Blacklisting was used by the rabid right-wing House Un-American Activities Committee from 1947-1960 during the “Red Scare” to silence American citizens exercising their constitutionally protected rights to free speech. Uncorroborated names of suspected communists in Hollywood were added to this list; those people were denied work (see the movie Trumbo) and publicly shamed for their espousal of political opinions. This period, known as the McCarthy Era, was infamous for its attacks on the First Amendment rights of individuals. It was a dangerous and shameful time in our recent history.

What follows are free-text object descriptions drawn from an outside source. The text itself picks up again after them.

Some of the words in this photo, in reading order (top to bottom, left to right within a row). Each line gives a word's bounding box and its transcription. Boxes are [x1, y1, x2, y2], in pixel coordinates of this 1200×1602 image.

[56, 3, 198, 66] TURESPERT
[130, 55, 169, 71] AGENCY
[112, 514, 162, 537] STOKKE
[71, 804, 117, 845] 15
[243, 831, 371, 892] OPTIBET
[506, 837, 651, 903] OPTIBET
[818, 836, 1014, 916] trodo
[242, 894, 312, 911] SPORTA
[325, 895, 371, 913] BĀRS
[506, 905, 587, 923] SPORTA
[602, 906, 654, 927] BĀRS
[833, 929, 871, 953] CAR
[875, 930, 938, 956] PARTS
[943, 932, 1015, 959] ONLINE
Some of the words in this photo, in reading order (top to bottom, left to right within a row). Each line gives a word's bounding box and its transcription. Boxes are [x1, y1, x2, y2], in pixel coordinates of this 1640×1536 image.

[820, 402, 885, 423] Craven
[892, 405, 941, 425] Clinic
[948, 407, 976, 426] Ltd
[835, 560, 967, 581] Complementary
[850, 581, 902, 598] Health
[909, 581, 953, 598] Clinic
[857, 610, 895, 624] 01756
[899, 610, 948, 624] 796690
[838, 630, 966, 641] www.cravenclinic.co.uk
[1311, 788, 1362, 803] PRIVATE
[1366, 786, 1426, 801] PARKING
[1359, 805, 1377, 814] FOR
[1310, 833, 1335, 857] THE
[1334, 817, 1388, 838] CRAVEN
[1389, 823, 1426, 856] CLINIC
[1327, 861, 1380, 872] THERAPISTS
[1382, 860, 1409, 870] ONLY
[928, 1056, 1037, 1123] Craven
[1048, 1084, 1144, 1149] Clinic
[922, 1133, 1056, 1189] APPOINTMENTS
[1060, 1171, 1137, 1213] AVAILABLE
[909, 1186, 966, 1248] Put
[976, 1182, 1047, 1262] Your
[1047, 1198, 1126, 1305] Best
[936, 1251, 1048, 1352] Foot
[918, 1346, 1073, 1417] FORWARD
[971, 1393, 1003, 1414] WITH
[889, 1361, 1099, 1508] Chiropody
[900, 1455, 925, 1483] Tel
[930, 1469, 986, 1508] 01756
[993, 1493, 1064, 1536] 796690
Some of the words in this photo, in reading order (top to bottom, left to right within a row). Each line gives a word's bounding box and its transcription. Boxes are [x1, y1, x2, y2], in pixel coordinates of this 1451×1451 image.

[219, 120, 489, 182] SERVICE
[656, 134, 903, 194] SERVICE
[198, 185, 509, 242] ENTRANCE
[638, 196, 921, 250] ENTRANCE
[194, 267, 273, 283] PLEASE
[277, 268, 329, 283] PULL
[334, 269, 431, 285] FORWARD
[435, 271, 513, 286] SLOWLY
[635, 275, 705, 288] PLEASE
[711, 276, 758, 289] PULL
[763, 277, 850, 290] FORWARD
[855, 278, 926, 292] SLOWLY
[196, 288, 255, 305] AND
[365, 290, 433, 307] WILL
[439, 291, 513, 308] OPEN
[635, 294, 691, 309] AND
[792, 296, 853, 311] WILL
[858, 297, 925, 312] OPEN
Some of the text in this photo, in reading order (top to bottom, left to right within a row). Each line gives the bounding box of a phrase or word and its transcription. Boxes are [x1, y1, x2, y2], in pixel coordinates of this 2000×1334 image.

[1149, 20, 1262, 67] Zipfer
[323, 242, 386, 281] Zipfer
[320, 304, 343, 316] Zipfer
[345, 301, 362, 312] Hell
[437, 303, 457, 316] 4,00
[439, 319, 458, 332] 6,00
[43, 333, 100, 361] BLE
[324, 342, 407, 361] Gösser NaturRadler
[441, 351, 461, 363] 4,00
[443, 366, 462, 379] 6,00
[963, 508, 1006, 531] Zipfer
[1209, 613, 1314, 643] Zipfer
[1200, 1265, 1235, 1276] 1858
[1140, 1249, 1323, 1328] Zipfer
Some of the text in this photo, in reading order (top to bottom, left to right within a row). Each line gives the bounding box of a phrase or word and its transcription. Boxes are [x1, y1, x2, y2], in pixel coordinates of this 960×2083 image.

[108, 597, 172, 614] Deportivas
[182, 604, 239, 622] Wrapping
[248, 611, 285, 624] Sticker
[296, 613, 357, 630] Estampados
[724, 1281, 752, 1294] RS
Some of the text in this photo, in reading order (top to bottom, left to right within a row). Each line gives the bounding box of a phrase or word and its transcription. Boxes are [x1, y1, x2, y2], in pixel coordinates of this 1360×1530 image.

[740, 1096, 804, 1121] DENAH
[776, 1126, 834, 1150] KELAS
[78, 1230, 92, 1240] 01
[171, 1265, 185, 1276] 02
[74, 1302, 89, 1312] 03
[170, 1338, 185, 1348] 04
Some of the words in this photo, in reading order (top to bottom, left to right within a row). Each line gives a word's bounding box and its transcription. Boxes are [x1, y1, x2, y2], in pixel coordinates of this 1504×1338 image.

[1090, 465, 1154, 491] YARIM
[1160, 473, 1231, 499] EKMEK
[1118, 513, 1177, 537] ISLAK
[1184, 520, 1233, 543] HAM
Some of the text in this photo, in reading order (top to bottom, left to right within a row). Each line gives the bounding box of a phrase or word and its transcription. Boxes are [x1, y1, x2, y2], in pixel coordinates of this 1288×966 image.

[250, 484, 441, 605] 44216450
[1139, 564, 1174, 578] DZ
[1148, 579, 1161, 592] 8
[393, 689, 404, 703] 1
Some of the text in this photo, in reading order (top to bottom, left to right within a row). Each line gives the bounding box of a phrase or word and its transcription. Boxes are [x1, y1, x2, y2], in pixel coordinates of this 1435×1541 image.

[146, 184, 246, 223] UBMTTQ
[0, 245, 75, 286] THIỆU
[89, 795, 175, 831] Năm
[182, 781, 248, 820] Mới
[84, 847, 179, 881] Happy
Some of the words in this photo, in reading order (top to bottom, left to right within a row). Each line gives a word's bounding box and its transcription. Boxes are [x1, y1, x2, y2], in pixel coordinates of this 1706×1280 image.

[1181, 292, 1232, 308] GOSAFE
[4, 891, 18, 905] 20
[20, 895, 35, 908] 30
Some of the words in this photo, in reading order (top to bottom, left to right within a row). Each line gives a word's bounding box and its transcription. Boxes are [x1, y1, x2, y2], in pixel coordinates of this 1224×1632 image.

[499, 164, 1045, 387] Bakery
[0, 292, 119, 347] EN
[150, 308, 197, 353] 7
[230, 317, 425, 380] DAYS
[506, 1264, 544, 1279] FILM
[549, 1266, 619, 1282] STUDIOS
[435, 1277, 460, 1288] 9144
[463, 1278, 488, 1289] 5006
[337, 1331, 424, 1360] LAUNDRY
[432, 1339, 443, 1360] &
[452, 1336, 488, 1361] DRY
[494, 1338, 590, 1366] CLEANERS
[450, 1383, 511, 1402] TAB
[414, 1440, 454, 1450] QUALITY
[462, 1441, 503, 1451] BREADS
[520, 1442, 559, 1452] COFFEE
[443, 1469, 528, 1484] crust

Once again, a government, this time the NYS Senate and Assembly, is considering instituting a blacklist. Individuals, corporations, non-profits, and other entities that espouse boycotting allies of the United States will be added to a public blacklist and denied employment, have their contracts with the State canceled, and/or have public funding of their programs ended. What will be considered as constituting boycotting, and who gets to propose names to the list, is unclear. It’s possible that your neighbor could add your name after a disagreement, or that someone in the community who disagrees with your political positions could do the same. Do we force all employers to ask prospective employees to answer the question, "Do you now, or have you ever, supported any prohibited boycott?" “Sign below under penalty of perjury,” or admit to it and be denied employment. This legislation clearly constitutes an abridgement of our First Amendment rights and undoubtedly will be challenged in the courts. Until such time though, we are all at risk.
What are individuals to do? Mainly let our voices be heard by those we elected to represent us. Call or write State Senator George Amedore who voted for NYS Senate Bill S6378, and also urge him to vote against S6086. Call or write State Assembly member Kevin Cahill, and tell him to vote against NYS Assembly Bills A9036 and A8220A when they reach the floor. Also, we can join together in our local communities to pass local resolutions that reaffirm our right to non-violently advocate for our political opinions. In this dangerous time, our vigilance is required.